I started to say, “Yes, me” with plenty of attitude–but I didn’t.

I took my application and carefully placed it in my folder to take home even as the snickers of my classmates echoed in my memory.

Humph.

That year I was the only eighth grader from our entire school to make it into University High with just one other girl being put on the alternate list.

I never told that heifer teacher of mine I made it in but I remember the day–THE MOMENT–one of my classmates gave her a clue. We were lined up on the stairs waiting for her permission to continue on to the cafeteria for lunch. She was talking to some of the kids at the back of the line about the high schools they were attending that fall.

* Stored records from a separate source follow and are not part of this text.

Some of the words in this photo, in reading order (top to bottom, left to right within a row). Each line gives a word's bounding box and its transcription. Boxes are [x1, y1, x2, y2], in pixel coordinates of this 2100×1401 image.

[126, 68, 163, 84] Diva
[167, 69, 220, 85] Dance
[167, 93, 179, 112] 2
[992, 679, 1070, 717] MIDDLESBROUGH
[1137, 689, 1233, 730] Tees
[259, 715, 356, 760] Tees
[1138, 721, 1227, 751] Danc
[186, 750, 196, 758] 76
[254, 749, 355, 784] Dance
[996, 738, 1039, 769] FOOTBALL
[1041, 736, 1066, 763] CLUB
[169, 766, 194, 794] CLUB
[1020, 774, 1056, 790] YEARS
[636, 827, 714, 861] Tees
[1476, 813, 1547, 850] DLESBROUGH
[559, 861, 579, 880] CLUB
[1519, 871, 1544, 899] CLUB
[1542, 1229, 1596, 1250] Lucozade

“Niobia’s going to University,” someone said. I can’t remember who.

My heart pounded. It was the moment I was waiting for even as I swore I would never mention it to her.

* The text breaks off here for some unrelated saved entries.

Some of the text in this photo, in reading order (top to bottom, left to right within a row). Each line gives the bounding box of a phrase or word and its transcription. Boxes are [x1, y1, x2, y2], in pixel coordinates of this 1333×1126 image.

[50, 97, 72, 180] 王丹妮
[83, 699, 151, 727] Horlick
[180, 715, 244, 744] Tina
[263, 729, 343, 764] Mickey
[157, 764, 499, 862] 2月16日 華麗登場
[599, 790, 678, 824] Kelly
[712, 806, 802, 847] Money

“Niobia,” she said, her heels clicking against the steps as she came down near the front of the line where I stood.

I looked up at her, hiding the animosity she fed into my chest. I said nothing. Since that day she embarrassed me, I didn’t have much to say to her at all–whether she noticed it or not.

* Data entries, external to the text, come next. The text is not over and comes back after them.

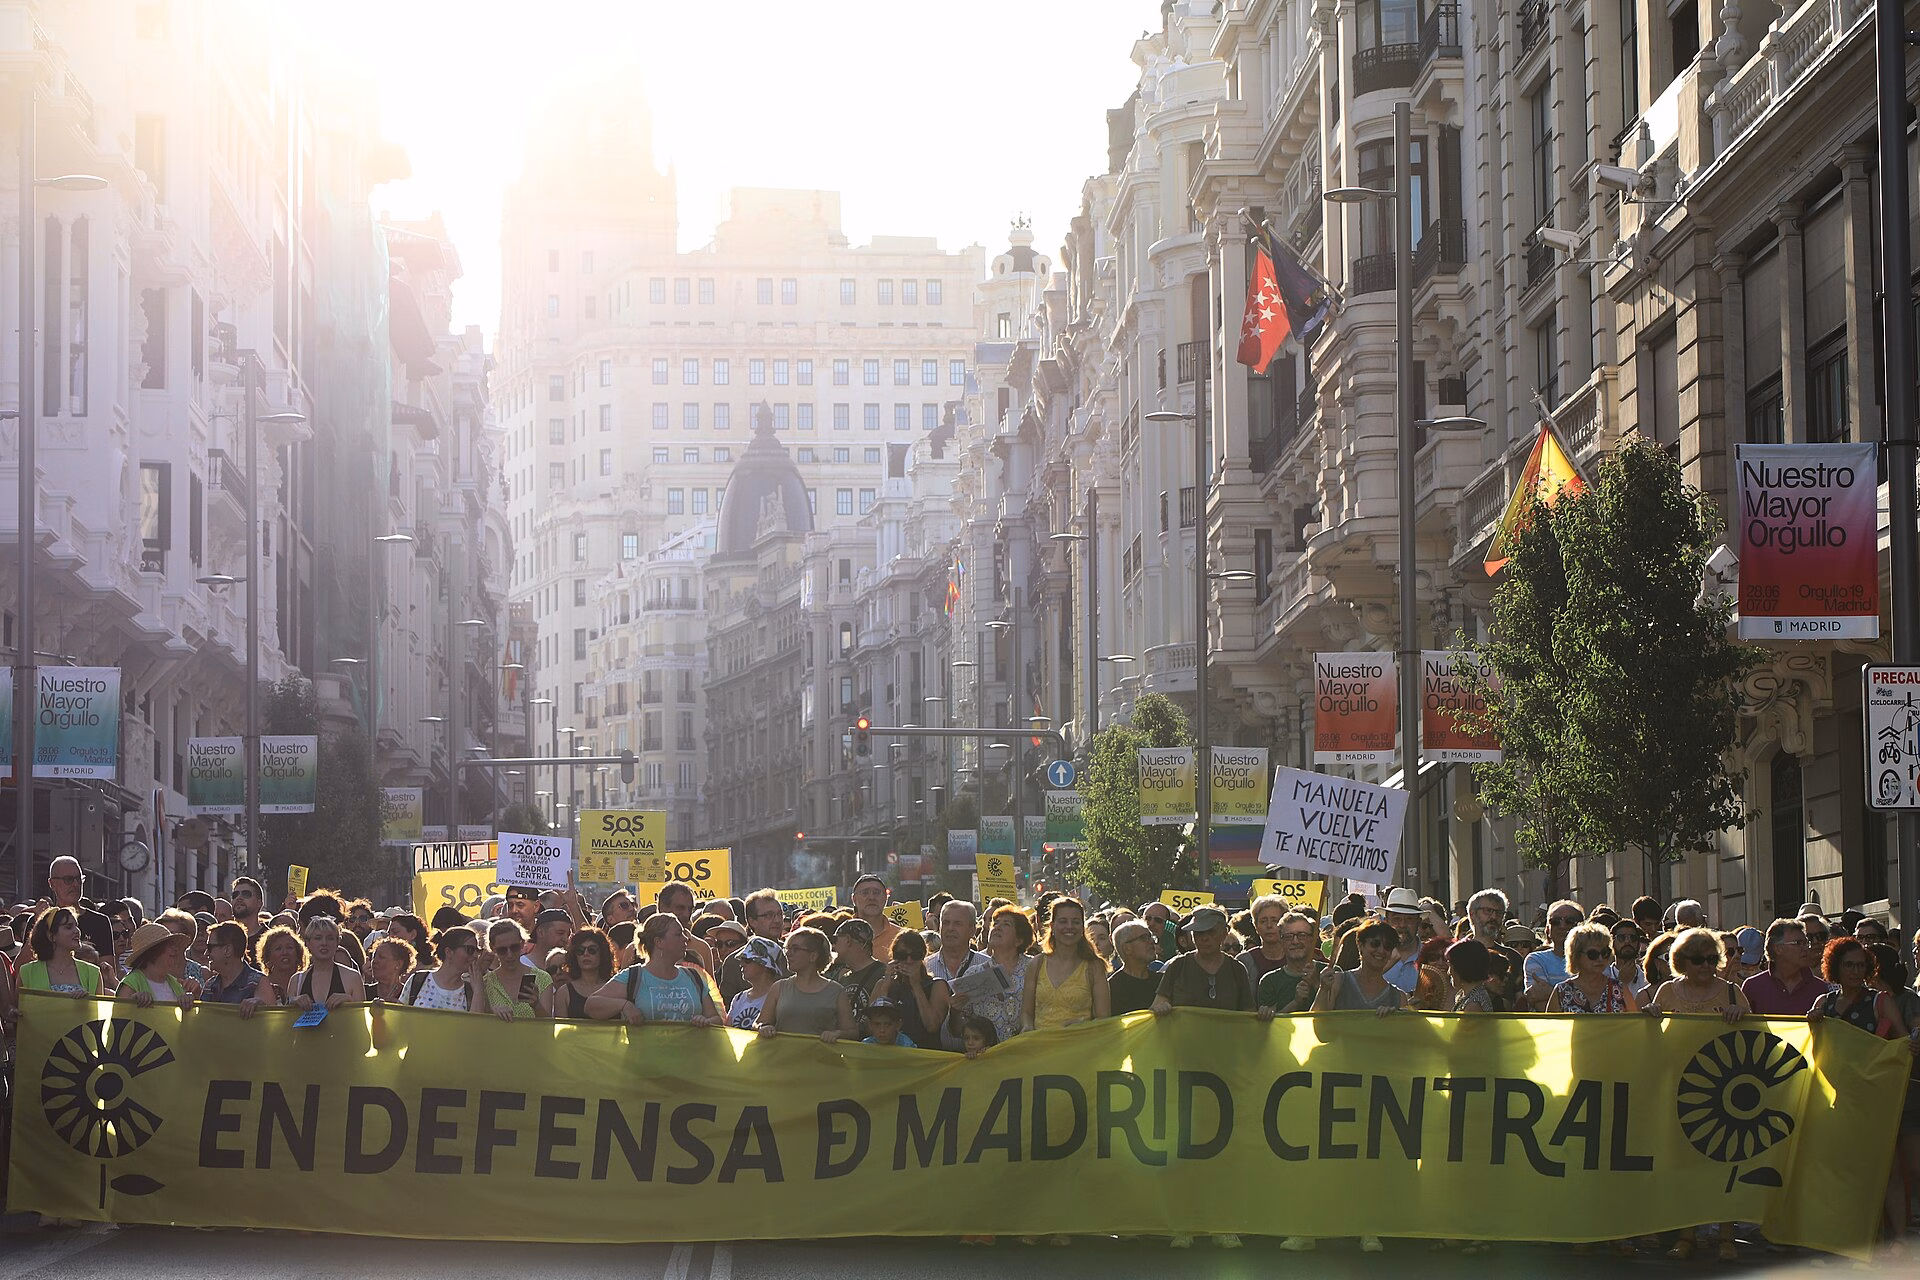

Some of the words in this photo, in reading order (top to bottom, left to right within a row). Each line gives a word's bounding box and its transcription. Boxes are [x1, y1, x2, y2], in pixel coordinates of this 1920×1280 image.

[1743, 460, 1855, 488] Nuestro
[1745, 490, 1832, 525] Mayor
[1749, 519, 1847, 555] Orgullo
[1746, 584, 1780, 598] 28.06
[1799, 584, 1848, 600] Orgullo
[1850, 584, 1864, 597] 19
[1746, 599, 1779, 611] 07.07
[1824, 598, 1872, 611] Madrid
[1790, 621, 1841, 632] MADRID
[1318, 662, 1383, 679] Nuestro
[1425, 660, 1492, 677] Nuero
[41, 676, 106, 693] Nuestro
[1873, 671, 1920, 685] PRECAU
[1319, 679, 1370, 699] Mayor
[40, 693, 92, 713] Mayor
[1319, 696, 1378, 716] Orgullo
[40, 709, 99, 730] Orgullo
[69, 746, 98, 757] Orgullo
[190, 743, 236, 755] Nuestro
[263, 742, 308, 754] Nuestro
[84, 755, 112, 763] Madrid
[190, 755, 227, 769] Mayor
[263, 754, 299, 768] Mayor
[1140, 754, 1186, 766] Nuestro
[1213, 753, 1259, 766] Nuestro
[1345, 753, 1376, 761] MADRID
[63, 767, 94, 775] MADRID
[190, 767, 232, 781] Orgullo
[263, 765, 305, 780] Orgullo
[1141, 766, 1177, 780] Mayor
[1213, 765, 1250, 779] Mayor
[1142, 777, 1184, 791] Orgullo
[1213, 776, 1255, 791] Orgullo
[1047, 795, 1079, 804] Nuestro
[1292, 779, 1388, 819] MANUELA
[1047, 804, 1075, 814] Mayor
[602, 814, 645, 836] SOS
[1047, 813, 1079, 824] Orgullo
[1300, 807, 1380, 843] VUELVE
[1026, 827, 1046, 835] Mayo
[509, 843, 560, 858] 220.000
[591, 838, 654, 849] MALASAÑA
[413, 843, 468, 876] CAMBIAR
[469, 843, 498, 862] EL
[515, 871, 552, 881] CENTRAL
[518, 864, 550, 874] MADRID
[498, 877, 568, 889] change.org/MadridCentral
[441, 882, 500, 912] SOS
[778, 892, 804, 901] MENOS
[805, 890, 834, 899] COCHES
[1272, 882, 1306, 900] SOS
[1172, 895, 1201, 910] SOS
[198, 1079, 321, 1172] EN
[343, 1085, 785, 1184] DEFENSA
[892, 1069, 1234, 1171] MADRID
[1263, 1071, 1654, 1178] CENTRAL

“You were accepted into University High School?” she asked, her face filled with surprise.

“Yes, Me,” I said with sarcastic emphasis–way more than any child should have for their teacher.

“Congratulations,” she said.

I said nothing else to her as I turned to face forward even as victory surged in my chest like rockets. Even as I screamed “Take that” in my head. Even as I felt like whopping it out (I think we were doing the Whop back in ’89).

To this day I can’t remember her name–which is weird because I have a pretty good memory–but I will never forget that day. And I want so badly to remember so that I can look her up and send a big ole box of all twenty of my books.

Yes, I graduated from University High, eventually received two degrees and a minor from Seton Hall University and went on to live my childhood dream of being a writer–but one moment in my life that is more that twenty years old still haunts me. Affects me. Drives me. Motivates me.

That teacher made the mistake of underestimating me and to this day I hate to be underestimated. Hate it.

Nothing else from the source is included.